### TASK OBJECTIVE:
The required output is the exact sequence of lines from the line holding "this 1600×900 image." to the end of the records, inclusive.

*** Opening RECORDS SUPPLIED ***

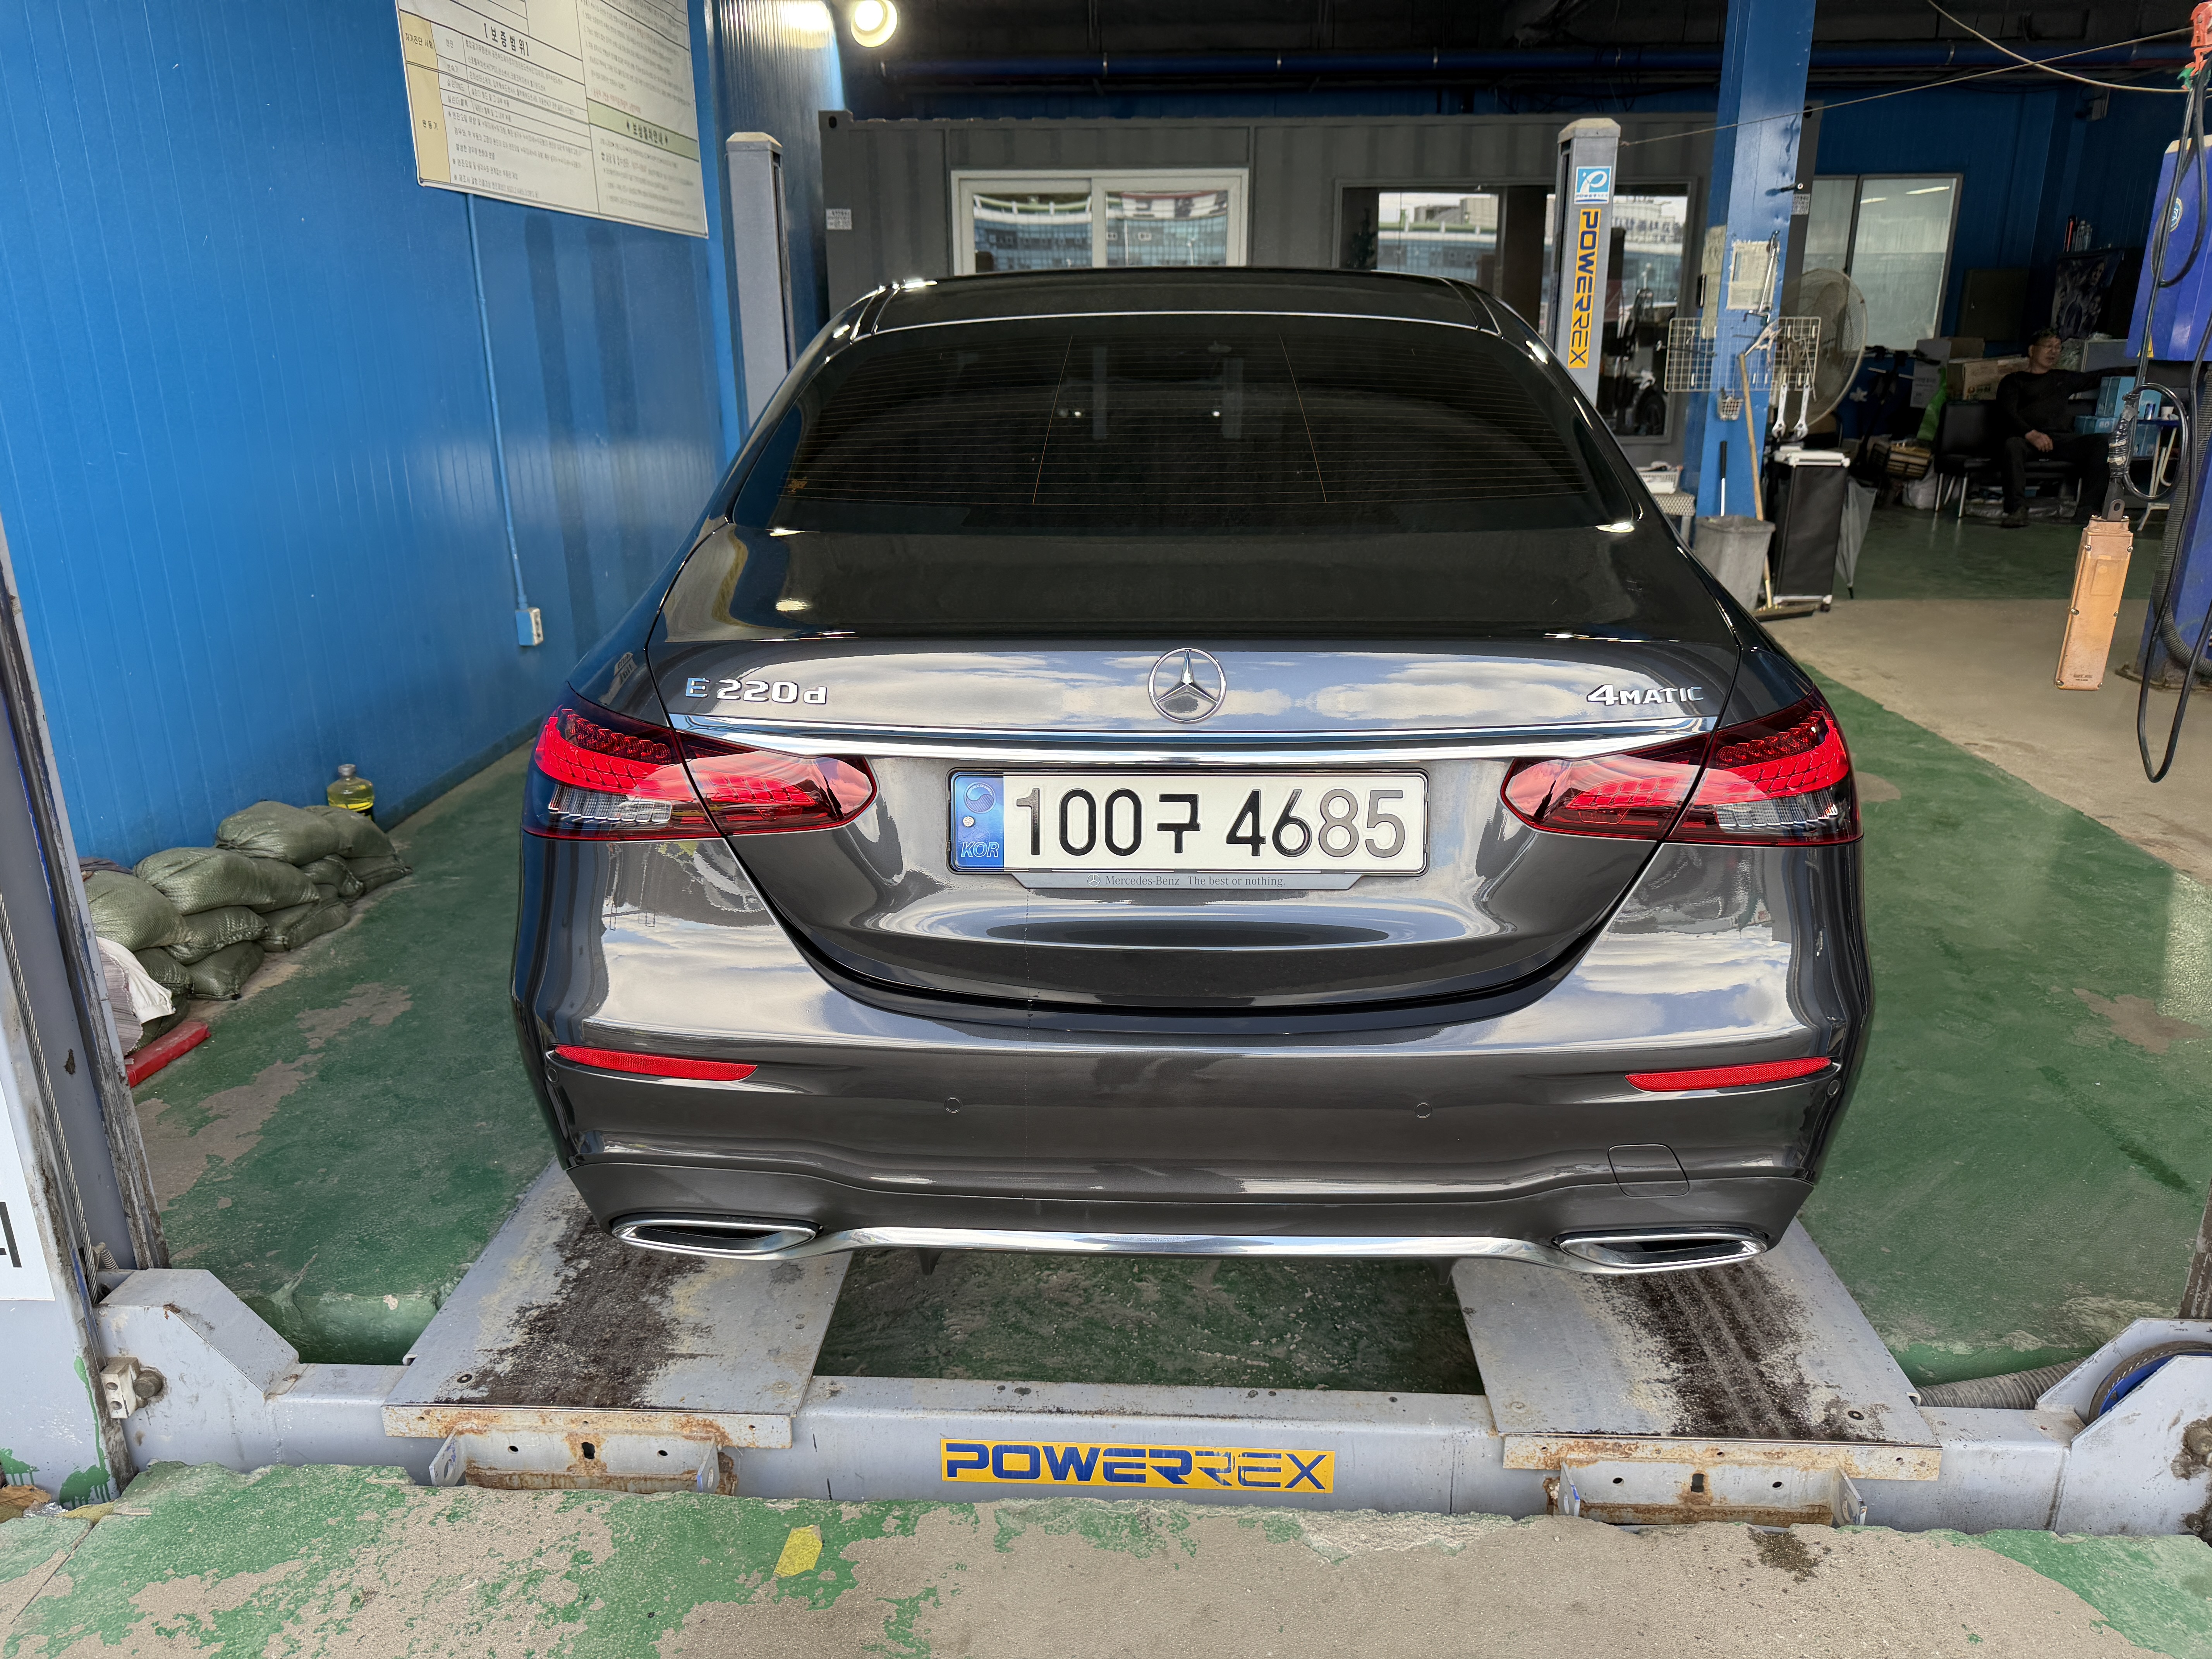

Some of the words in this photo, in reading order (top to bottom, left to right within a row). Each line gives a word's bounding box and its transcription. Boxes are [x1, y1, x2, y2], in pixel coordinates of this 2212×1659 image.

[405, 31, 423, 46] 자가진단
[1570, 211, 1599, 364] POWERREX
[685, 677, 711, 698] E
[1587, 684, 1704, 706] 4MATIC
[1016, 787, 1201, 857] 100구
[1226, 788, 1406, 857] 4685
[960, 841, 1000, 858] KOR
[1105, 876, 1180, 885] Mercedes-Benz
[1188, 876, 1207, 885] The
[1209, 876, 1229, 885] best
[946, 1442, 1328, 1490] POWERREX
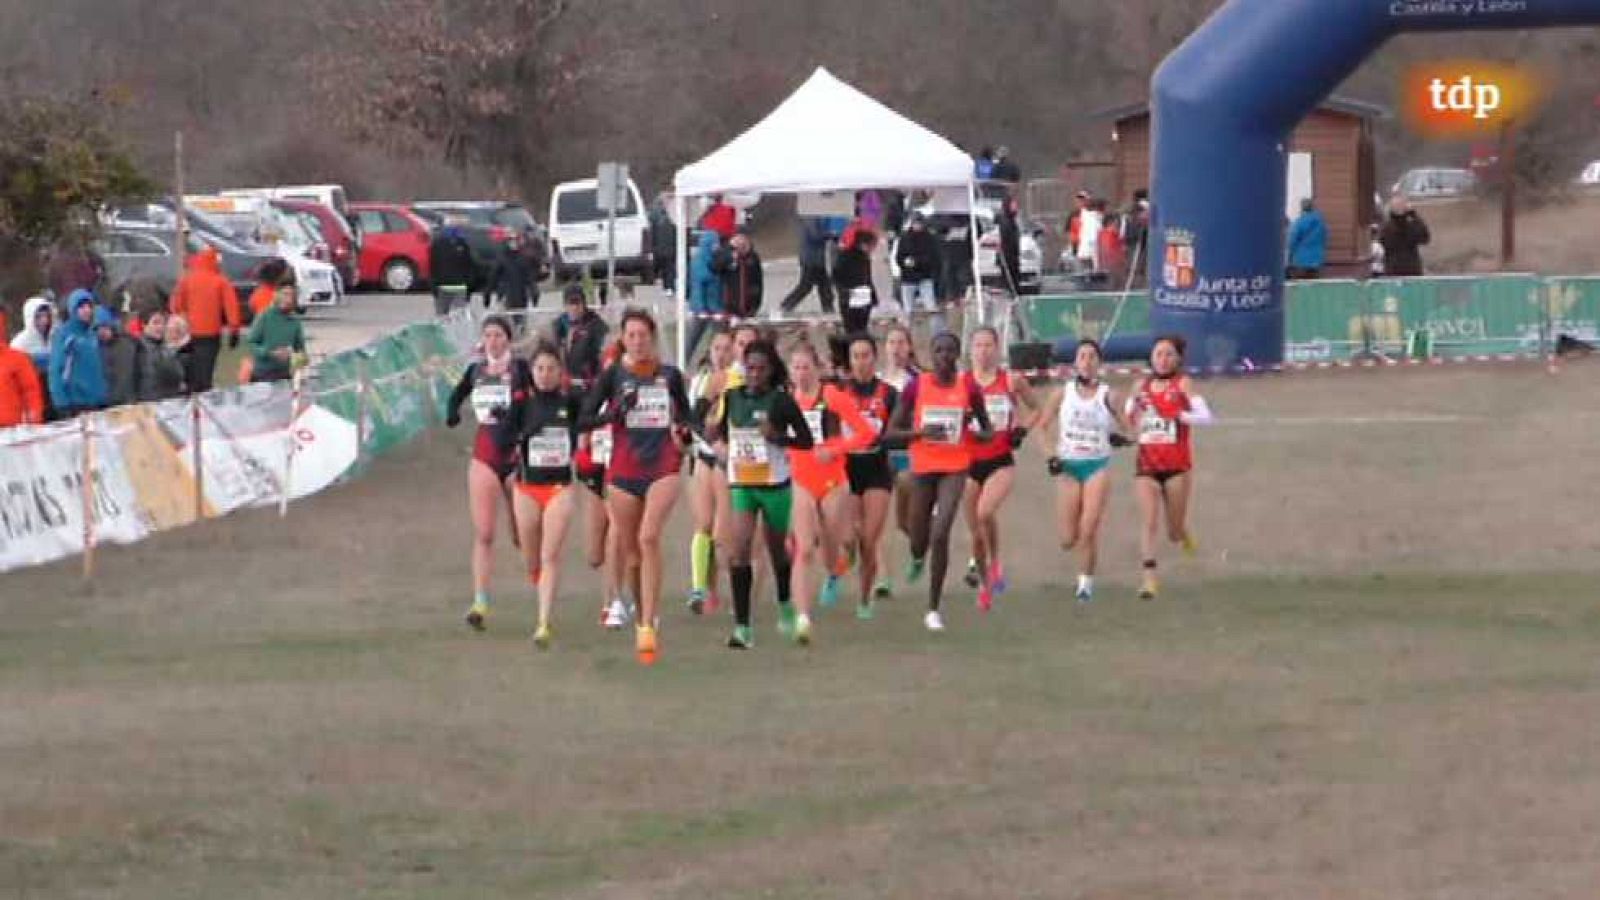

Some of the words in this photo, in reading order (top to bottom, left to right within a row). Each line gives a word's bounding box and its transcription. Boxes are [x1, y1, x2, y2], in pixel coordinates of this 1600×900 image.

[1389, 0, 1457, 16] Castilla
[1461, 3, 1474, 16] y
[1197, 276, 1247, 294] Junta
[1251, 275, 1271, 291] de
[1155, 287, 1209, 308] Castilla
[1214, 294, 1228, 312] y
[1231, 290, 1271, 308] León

*** Closing RECORDS SUPPLIED ***

### ANSWER:
Some of the words in this photo, in reading order (top to bottom, left to right within a row). Each line gives a word's bounding box and its transcription. Boxes are [x1, y1, x2, y2], in pixel coordinates of this 1600×900 image.

[1389, 0, 1457, 16] Castilla
[1461, 3, 1474, 16] y
[1197, 276, 1247, 294] Junta
[1251, 275, 1271, 291] de
[1155, 287, 1209, 308] Castilla
[1214, 294, 1228, 312] y
[1231, 290, 1271, 308] León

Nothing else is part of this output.